A novel method that embeds Pt voltage probes into the triple‐phase boundary (TPB) is developed. Moreover, the quantitative contributions of the anode, the cathode, and the electrolyte to cell performance are investigated in situ for anode‐supported planar solid oxide fuel cells (SOFCs). The voltage and maximum output power density (MOPD) measured by the probes, which are placed on both sides of the electrolyte, account for 97.3% and 94.4%, respectively, of those of the cell during the instantaneous current–voltage testing. When the stack is discharged at 0.32 A cm−2 for 200 h, the voltage drops of the anode, the cathode, and the electrolyte account for 76.9%, 15.4%, and 7.7%, respectively, of the total voltage drop of the unit cell.

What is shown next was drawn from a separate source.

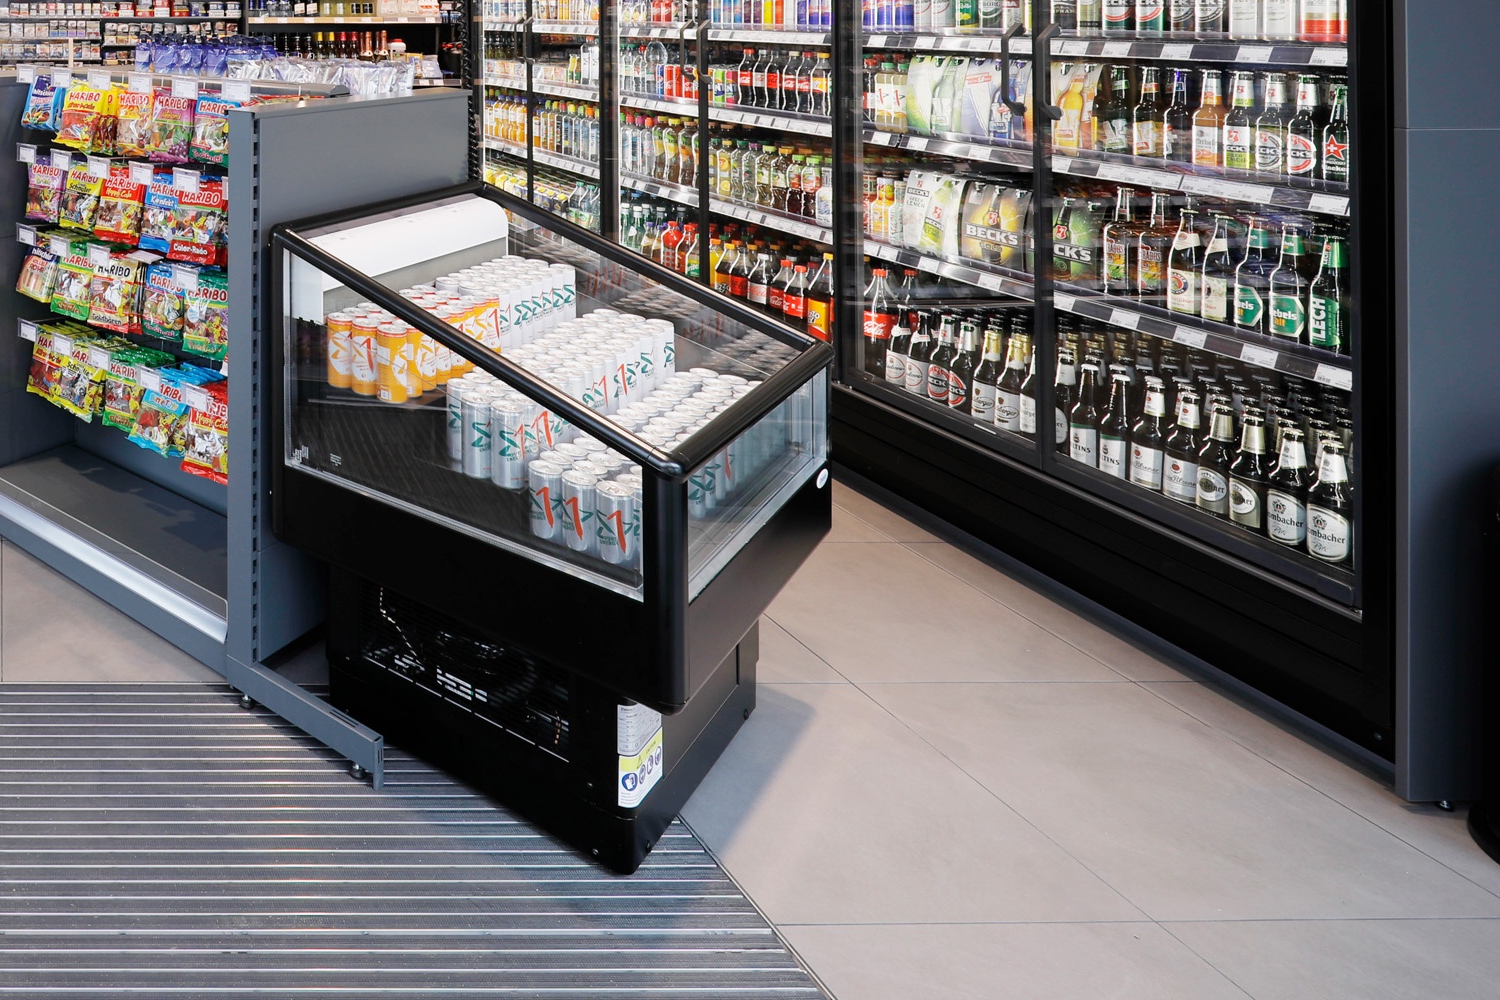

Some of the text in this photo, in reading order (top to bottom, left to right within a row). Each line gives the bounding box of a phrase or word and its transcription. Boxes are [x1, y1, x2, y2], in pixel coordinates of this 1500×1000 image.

The ohmic resistance of the unit cell primarily depends on the resistance that results from the TPB. The variation in cell resistance is mainly attributed to the increase in anode polarization resistance caused by Ni particle agglomeration. However, cell voltage is more sensitive to the TPB ohmic resistance, which may be the primary factor for SOFC degradation.